Serial TTE examinations [1]
- Serial TTEs are performed to monitor the progression of MS and guide the timing of interventions.
- Patients typically do not develop symptoms until they have severe disease.
- Early detection prevents irreversible cardiac changes.
- Asymptomatic patients
- TTE should be repeated earlier if symptoms develop or change.
Optimizing medical therapy [1]
- Patients should receive guideline-directed medical therapy (GDMT) for any concurrent heart failure.
- Screen for and treat all cardiac risk factors, e.g., diabetes, hyperlipidemia, and hypertension.
- Consider heart rate control (e.g., beta blockers) in younger patients in sinus rhythm with high resting or exercise-induced heart rates.
- Decreasing the heart rate in patients with symptoms of mild to moderate CHF may improve cardiac symptoms.
- Consider one of the following agents: [14]
- Beta blockers, e.g., metoprolol
- Ivabradine
- Treat atrial fibrillation with rate control.
Decreased heart rate may also limit cardiac output and cause hypotension; monitor patients carefully.
Anticoagulation
- Anticoagulation with a vitamin K antagonist (VKA) to a target INR of 2.5 is indicated if any of the following are present: [1]
- Atrial fibrillation
- History of embolic disease
- Intracardiac thrombus
- Mechanical prosthetic mitral valve
- First 3–6 months after bioprosthetic mitral valve implantation
- It is controversial whether anticoagulation is indicated for patients with MS who do not have one of the above features.
- For dosages, see “Anticoagulation in atrial fibrillation”.
Additional measures
-
Infectious endocarditis (IE) prophylaxis [1]
- MS alone is not an indication for IE prophylaxis.
- IE prophylaxis is indicated for dental procedures in high-risk patients (e.g., previous IE) with MS.

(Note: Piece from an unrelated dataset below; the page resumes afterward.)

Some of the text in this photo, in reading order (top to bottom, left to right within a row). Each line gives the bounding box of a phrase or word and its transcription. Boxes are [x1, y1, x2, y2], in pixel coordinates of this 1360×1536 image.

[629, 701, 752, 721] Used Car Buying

- See “Endocarditis prophylaxis” for antibiotic selection and dosing.
-
Management of rheumatic heart disease
- Patients with acute or recurrent rheumatic fever with cardiac involvement need long-term, daily, antistreptococcal prophylaxis.

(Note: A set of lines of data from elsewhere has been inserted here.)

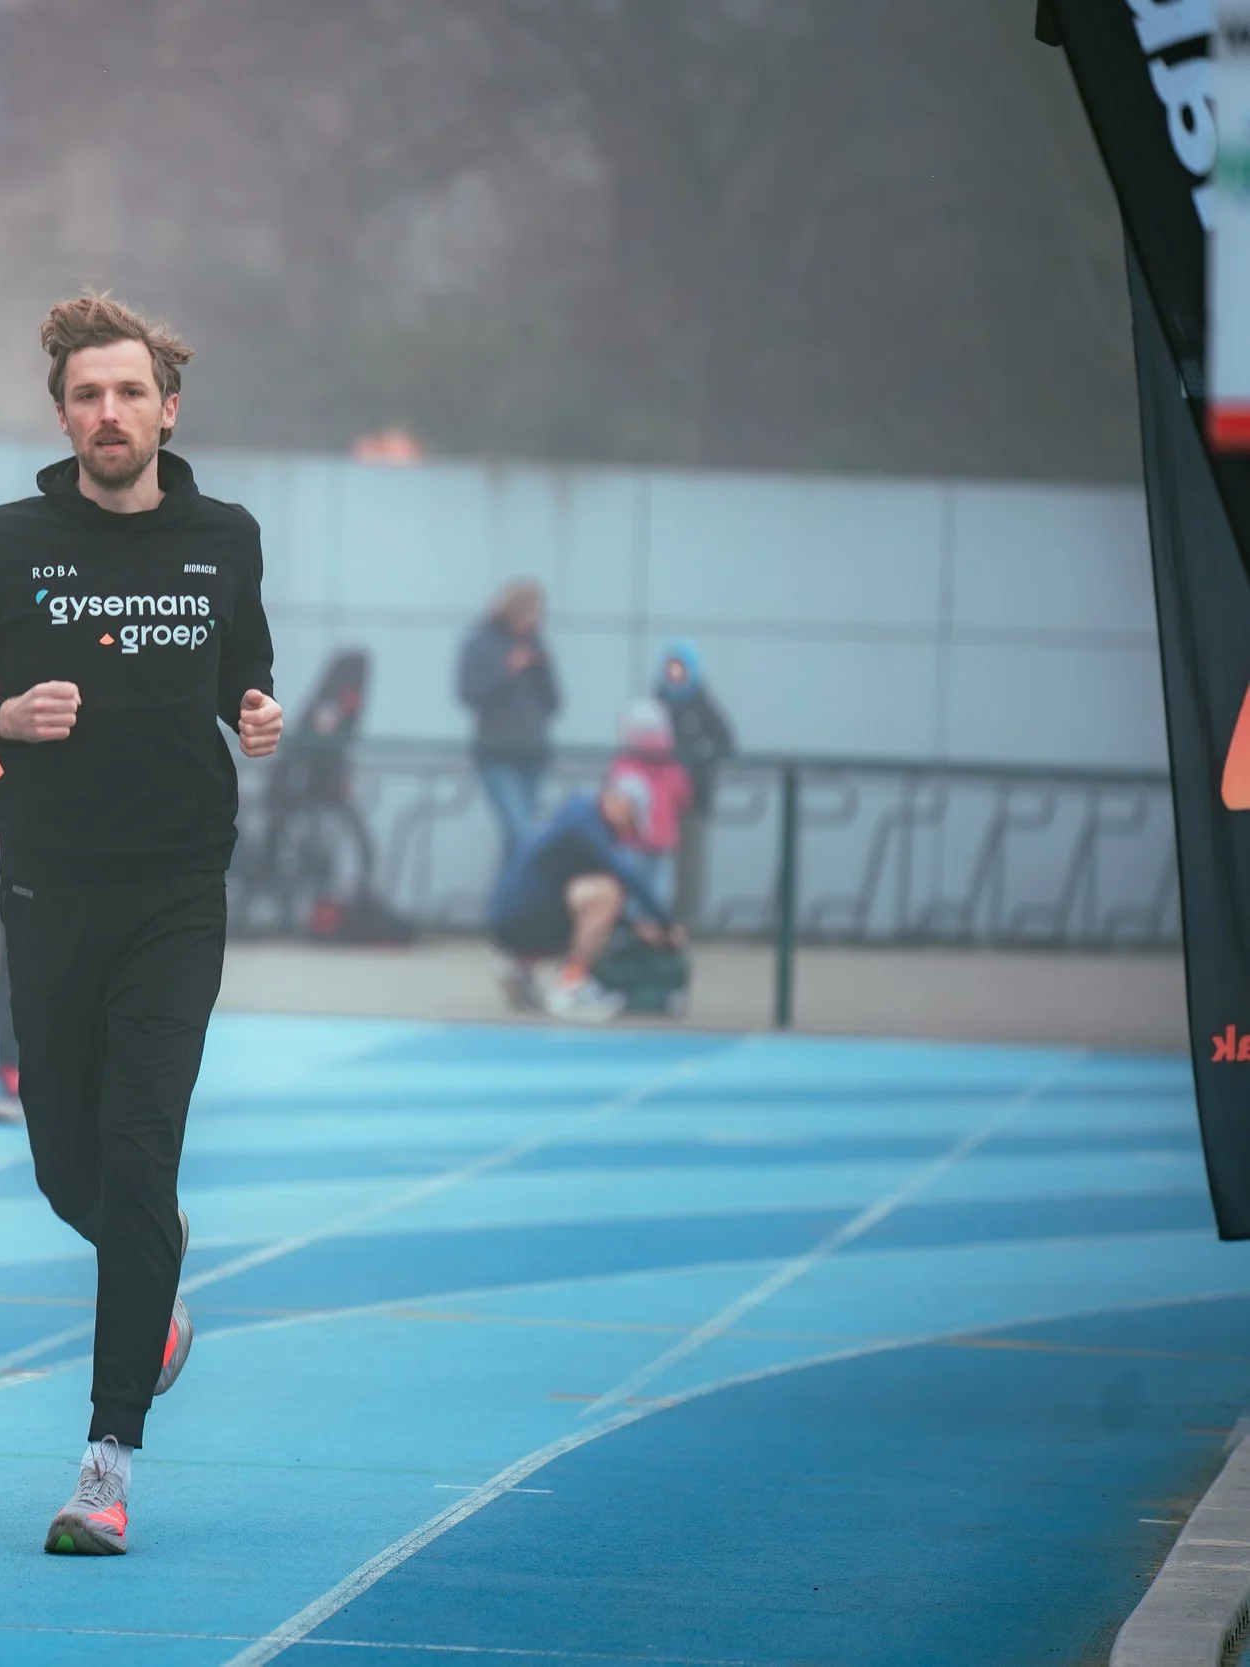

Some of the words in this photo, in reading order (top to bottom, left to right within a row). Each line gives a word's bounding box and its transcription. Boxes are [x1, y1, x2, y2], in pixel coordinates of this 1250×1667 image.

[32, 565, 78, 579] ROBA
[183, 563, 217, 575] BIORACER
[49, 595, 210, 625] gysemans
[120, 625, 208, 654] groep
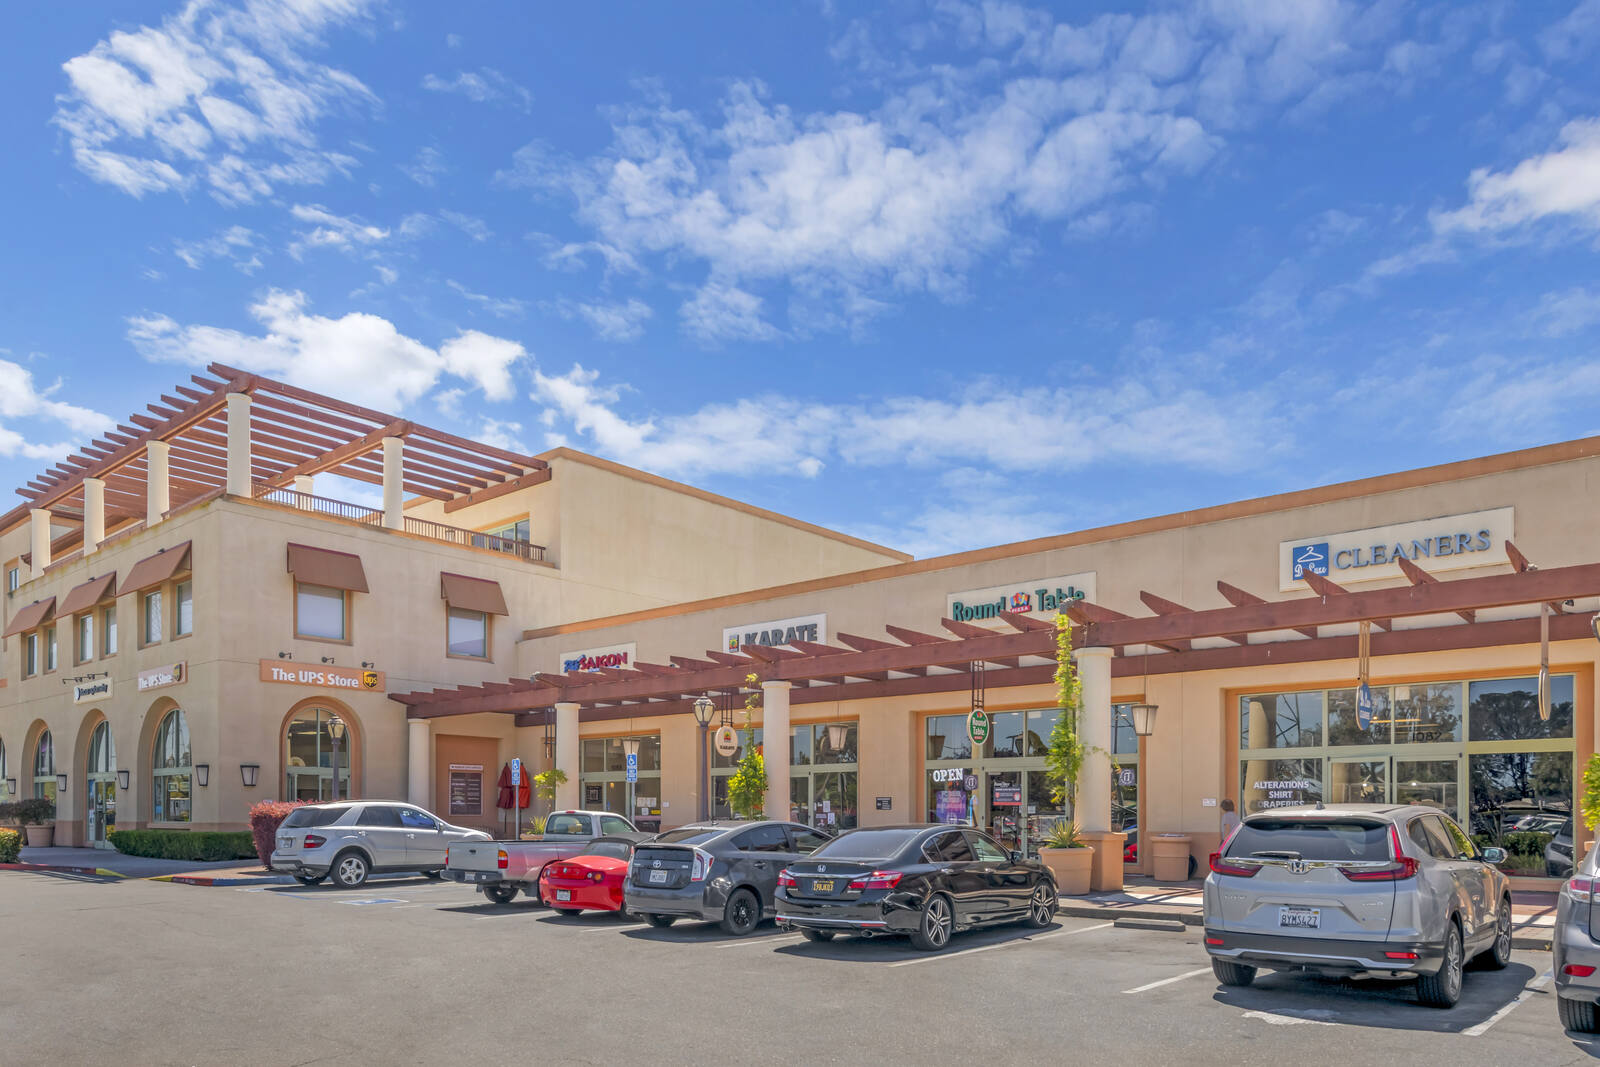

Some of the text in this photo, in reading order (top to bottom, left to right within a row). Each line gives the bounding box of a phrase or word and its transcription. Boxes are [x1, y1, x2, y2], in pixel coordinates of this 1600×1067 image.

- See “Prevention” in “Rheumatic fever” for further information and dosages.
Interventional management
Patients with severe or symptomatic MS should be considered for intervention.
Indications
- Asymptomatic patients with MVA ≤ 1.5 cm2 and either of the following:
- Pulmonary artery systolic pressure > 50 mm Hg
- New-onset atrial fibrillation
- Symptomatic patients with:
Procedures
-
Percutaneous mitral valve balloon commissurotomy (PMBC) [15]
- PMBC is the preferred intervention in most patients with severe MS.
- A balloon catheter is advanced percutaneously through the mitral valve and inflated to break open commissural stenosis and increase the mitral valve area. [15][16]
- The Wilkins score is used to determine eligibility.
-
Surgery
- Surgical interventions include open commissurotomy and mitral valve (mechanical or bioprosthetic) replacement.
- Indications
- Unfavorable anatomy for PMBC
- Presence of thrombus in the left atrium
- Mixed valvular disease (e.g., severe MR, tricuspid disease)
- Contraindicated if there is a prohibitively high surgical risk
Complications
- Atrial fibrillation → thromboembolic events
- Progressive congestion of the lungs, pulmonary edema, pulmonary hypertension
- Congestive heart failure
- Enlarged left atrium (rare) → esophageal compression, recurrent laryngeal nerve palsy
We list the most important complications. The selection is not exhaustive.